Insurance Law- “Uberrimae fidei”– The principle of utmost good faith puts reciprocal duties of disclosure on both parties to the contract of insurance. These reciprocal duties mandate that both the parties make complete disclosure to each other, so that the parties can take an informed decision and a fair contract of insurance exists between them. No material facts should be suppressed, which may have a bearing on the risk being insured and the decision of the party to undertake that risk. However, not every question can be said to be material fact and the materiality of a fact has to be adjudged as per the rules. (Para 32)

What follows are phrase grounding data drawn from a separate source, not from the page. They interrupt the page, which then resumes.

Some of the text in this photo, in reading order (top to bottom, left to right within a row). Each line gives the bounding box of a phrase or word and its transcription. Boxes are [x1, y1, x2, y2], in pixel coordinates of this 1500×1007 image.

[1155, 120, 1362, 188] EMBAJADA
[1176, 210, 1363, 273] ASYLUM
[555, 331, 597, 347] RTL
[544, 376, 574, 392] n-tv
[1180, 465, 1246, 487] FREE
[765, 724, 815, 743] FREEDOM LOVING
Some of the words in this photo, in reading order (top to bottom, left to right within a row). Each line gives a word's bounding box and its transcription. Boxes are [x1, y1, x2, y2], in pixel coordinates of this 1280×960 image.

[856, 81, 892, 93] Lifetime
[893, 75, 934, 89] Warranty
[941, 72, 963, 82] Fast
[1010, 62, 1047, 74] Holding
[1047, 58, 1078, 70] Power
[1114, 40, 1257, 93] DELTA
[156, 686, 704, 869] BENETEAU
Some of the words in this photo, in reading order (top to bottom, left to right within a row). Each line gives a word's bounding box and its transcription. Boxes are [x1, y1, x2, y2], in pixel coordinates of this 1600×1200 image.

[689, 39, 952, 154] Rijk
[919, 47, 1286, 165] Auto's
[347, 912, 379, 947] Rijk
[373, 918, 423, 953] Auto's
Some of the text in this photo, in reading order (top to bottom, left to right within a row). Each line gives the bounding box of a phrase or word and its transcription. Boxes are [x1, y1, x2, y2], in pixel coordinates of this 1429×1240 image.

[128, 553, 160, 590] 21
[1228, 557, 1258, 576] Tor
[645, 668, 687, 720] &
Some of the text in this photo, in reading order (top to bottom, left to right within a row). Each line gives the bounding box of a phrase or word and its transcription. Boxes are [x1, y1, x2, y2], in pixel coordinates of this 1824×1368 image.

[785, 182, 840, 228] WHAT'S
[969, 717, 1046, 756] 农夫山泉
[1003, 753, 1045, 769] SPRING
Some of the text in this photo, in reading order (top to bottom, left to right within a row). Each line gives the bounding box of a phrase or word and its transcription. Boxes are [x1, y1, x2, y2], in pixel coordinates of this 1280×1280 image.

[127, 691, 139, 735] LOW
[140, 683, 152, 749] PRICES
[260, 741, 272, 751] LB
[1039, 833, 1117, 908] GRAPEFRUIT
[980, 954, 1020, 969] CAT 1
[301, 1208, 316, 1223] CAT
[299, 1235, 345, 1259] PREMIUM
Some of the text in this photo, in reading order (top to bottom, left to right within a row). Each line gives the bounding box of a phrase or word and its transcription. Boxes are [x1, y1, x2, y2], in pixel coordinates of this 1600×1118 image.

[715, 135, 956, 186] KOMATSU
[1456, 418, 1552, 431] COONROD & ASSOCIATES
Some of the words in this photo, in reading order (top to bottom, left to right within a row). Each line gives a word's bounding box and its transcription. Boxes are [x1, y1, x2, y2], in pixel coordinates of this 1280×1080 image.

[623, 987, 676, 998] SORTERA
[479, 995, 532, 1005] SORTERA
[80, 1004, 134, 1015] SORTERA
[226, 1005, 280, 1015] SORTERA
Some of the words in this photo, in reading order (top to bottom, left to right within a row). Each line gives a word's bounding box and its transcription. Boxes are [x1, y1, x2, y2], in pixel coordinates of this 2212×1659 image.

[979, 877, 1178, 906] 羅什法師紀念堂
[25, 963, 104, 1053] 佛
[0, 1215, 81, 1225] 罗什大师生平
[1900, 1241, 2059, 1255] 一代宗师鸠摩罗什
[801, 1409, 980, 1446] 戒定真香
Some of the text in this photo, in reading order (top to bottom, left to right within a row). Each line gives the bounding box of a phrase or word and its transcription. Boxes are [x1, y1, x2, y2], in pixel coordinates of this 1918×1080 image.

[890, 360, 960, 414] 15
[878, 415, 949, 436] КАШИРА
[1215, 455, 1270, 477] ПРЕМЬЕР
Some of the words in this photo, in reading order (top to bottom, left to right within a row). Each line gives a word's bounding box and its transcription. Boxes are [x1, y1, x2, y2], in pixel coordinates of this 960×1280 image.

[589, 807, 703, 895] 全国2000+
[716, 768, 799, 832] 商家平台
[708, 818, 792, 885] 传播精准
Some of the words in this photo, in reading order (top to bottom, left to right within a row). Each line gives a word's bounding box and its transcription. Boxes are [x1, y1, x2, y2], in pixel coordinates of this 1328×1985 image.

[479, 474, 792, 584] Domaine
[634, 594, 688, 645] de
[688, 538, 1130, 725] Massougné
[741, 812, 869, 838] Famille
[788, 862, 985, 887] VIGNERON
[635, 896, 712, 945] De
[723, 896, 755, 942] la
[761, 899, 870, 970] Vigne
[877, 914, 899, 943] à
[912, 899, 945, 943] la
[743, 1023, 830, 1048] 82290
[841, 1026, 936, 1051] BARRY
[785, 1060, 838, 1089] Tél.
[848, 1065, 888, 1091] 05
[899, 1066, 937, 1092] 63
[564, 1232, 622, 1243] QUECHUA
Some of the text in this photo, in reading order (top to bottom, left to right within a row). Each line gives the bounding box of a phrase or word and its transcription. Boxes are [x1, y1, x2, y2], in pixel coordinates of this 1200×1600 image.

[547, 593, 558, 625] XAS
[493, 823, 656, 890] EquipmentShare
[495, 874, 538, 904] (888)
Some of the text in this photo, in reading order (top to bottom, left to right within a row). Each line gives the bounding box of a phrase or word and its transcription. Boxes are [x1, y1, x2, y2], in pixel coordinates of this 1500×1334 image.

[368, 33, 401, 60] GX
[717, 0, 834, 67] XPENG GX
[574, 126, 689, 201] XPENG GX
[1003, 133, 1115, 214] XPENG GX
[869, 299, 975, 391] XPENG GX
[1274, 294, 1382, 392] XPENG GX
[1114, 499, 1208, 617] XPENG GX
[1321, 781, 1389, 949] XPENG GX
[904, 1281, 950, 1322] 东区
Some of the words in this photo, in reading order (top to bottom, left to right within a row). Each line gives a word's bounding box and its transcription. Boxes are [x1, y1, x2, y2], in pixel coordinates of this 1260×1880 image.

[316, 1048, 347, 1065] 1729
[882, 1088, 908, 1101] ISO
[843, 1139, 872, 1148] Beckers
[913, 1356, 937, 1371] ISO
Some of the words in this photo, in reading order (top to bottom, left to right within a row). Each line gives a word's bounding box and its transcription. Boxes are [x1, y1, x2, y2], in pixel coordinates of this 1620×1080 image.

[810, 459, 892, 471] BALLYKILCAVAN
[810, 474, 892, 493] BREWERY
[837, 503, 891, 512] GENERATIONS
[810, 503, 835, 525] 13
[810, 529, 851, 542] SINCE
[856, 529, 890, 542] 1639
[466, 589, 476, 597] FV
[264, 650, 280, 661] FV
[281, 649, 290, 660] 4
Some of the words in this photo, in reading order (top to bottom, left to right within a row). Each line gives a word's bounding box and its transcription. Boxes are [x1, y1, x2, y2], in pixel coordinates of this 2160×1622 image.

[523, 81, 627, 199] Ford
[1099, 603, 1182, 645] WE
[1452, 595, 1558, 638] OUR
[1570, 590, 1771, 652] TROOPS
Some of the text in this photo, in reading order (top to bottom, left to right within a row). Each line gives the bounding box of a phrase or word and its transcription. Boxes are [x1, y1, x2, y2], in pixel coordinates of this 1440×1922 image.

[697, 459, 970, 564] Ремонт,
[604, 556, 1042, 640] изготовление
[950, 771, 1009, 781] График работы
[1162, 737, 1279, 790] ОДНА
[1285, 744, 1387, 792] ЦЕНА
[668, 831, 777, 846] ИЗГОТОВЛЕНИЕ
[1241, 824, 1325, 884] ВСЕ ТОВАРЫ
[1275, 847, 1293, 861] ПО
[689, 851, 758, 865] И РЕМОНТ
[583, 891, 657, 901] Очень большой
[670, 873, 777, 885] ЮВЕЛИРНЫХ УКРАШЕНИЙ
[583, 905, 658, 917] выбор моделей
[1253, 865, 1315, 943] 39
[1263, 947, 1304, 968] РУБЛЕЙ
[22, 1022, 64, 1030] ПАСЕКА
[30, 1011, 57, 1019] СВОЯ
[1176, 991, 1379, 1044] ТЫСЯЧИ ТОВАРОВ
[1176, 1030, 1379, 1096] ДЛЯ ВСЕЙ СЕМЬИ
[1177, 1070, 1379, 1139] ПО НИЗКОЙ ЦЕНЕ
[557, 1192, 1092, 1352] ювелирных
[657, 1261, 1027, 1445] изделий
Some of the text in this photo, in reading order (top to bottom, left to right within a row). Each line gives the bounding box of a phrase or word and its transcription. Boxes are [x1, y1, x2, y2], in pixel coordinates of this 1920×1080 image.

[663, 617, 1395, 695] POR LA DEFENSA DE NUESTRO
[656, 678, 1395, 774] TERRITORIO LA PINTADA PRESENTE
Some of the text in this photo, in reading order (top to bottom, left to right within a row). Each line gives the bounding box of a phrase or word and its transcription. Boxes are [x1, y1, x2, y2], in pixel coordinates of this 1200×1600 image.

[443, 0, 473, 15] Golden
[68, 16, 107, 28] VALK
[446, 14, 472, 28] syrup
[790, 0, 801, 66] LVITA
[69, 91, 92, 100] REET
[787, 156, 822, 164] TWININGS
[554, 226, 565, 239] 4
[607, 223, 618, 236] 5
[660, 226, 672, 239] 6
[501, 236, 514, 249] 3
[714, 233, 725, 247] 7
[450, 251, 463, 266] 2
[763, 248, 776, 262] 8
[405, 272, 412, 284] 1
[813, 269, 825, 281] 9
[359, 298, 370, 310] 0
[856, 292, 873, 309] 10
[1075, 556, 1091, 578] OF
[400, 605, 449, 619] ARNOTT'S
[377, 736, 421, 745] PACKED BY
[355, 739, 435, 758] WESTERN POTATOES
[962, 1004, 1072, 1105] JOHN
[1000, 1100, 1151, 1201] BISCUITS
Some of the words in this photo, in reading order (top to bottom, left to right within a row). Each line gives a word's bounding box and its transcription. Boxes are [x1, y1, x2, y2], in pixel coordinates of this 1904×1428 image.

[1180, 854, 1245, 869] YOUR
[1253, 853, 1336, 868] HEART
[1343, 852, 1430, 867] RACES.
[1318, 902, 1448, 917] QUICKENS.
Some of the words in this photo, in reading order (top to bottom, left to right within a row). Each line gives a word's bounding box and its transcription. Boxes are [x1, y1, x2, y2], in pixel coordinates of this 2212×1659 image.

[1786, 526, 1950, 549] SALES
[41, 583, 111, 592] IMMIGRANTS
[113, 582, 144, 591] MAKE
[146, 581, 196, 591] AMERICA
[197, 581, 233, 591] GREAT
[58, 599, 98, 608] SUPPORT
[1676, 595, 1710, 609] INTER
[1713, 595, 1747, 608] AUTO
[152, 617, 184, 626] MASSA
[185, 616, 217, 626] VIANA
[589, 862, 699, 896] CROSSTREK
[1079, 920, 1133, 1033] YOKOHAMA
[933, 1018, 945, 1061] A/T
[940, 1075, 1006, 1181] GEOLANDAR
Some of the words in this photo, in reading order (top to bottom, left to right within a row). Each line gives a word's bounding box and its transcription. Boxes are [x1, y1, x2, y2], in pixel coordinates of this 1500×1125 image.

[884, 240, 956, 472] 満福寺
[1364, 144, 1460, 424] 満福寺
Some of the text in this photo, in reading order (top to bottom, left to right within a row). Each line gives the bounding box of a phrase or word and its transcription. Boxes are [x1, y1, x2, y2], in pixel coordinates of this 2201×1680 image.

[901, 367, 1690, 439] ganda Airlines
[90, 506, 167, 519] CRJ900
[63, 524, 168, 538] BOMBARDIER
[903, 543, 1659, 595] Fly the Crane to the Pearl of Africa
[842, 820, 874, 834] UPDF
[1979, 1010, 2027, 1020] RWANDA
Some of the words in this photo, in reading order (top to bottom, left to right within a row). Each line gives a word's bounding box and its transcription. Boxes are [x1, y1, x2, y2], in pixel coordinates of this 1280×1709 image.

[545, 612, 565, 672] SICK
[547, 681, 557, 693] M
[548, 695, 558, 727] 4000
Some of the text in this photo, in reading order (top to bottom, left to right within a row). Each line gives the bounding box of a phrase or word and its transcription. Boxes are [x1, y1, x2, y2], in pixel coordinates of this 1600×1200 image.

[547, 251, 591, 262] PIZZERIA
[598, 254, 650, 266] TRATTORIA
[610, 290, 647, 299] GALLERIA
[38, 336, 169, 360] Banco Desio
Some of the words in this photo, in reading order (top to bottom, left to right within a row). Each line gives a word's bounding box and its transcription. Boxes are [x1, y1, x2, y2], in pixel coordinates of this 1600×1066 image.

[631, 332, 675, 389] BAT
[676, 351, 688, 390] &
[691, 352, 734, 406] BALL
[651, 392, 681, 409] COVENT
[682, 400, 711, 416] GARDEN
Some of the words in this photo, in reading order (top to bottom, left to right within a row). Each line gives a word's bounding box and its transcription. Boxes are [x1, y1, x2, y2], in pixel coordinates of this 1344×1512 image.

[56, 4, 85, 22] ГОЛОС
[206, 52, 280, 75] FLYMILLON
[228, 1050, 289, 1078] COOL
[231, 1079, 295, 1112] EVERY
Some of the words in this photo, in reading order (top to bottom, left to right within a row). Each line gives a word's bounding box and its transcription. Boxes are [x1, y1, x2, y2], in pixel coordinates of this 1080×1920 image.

Indian Evidence Act , 1872- Burden of Proof – Consumer Fora -Though the proceedings before the Consumer Fora are in the nature of a summary proceeding. Yet the elementary principles of burden of proof and onus of proof would apply.- the burden of proving a fact rests on the party who substantially asserts the affirmative of the issue and not upon the party who denies it; for a negative is usually incapable of proof. Simply put, it is easier to prove an affirmative than a negative. In other words, the burden of proving a fact always lies upon the person who asserts the same. Until such burden is discharged, the other party is not required to be called upon to prove his case. The court has to examine as to whether the person upon whom burden lies has been able to discharge his burden. Further, things which are admitted need not be proved. Whether the burden of proof has been discharged by a party to the lis or not would depend upon the facts and circumstances of the case. The party on whom the burden lies has to stand on his own and he cannot take advantage of the weakness or omissions of the opposite party. Thus, the burden of proving a claim or defence is on the party who asserts it.(Para 41)- Distinction between burden of proof and onus of proof- Burden of proof lies upon a person who has to prove the fact and which never shifts but onus of proof shifts. Such a shifting of onus is a continuous process in the evaluation of evidence. For instance, in a suit for possession based on the title, once the plaintiff has been able to create a high degree of probability so as to shift the onus on the defendant, it is for the defendant to discharge his onus and in the absence thereof, the burden of proof lying on the plaintiff shall be held to have been discharged so as to amount to proof of the plaintiff’s title (Para 43)-Section 106 –When any fact is especially within the knowledge of any person, the burden of proving that fact is upon him. This Section applies only to parties to the suit or proceeding. It cannot apply when the fact is such as to be capable of being known also by persons other than the parties. (Para 46)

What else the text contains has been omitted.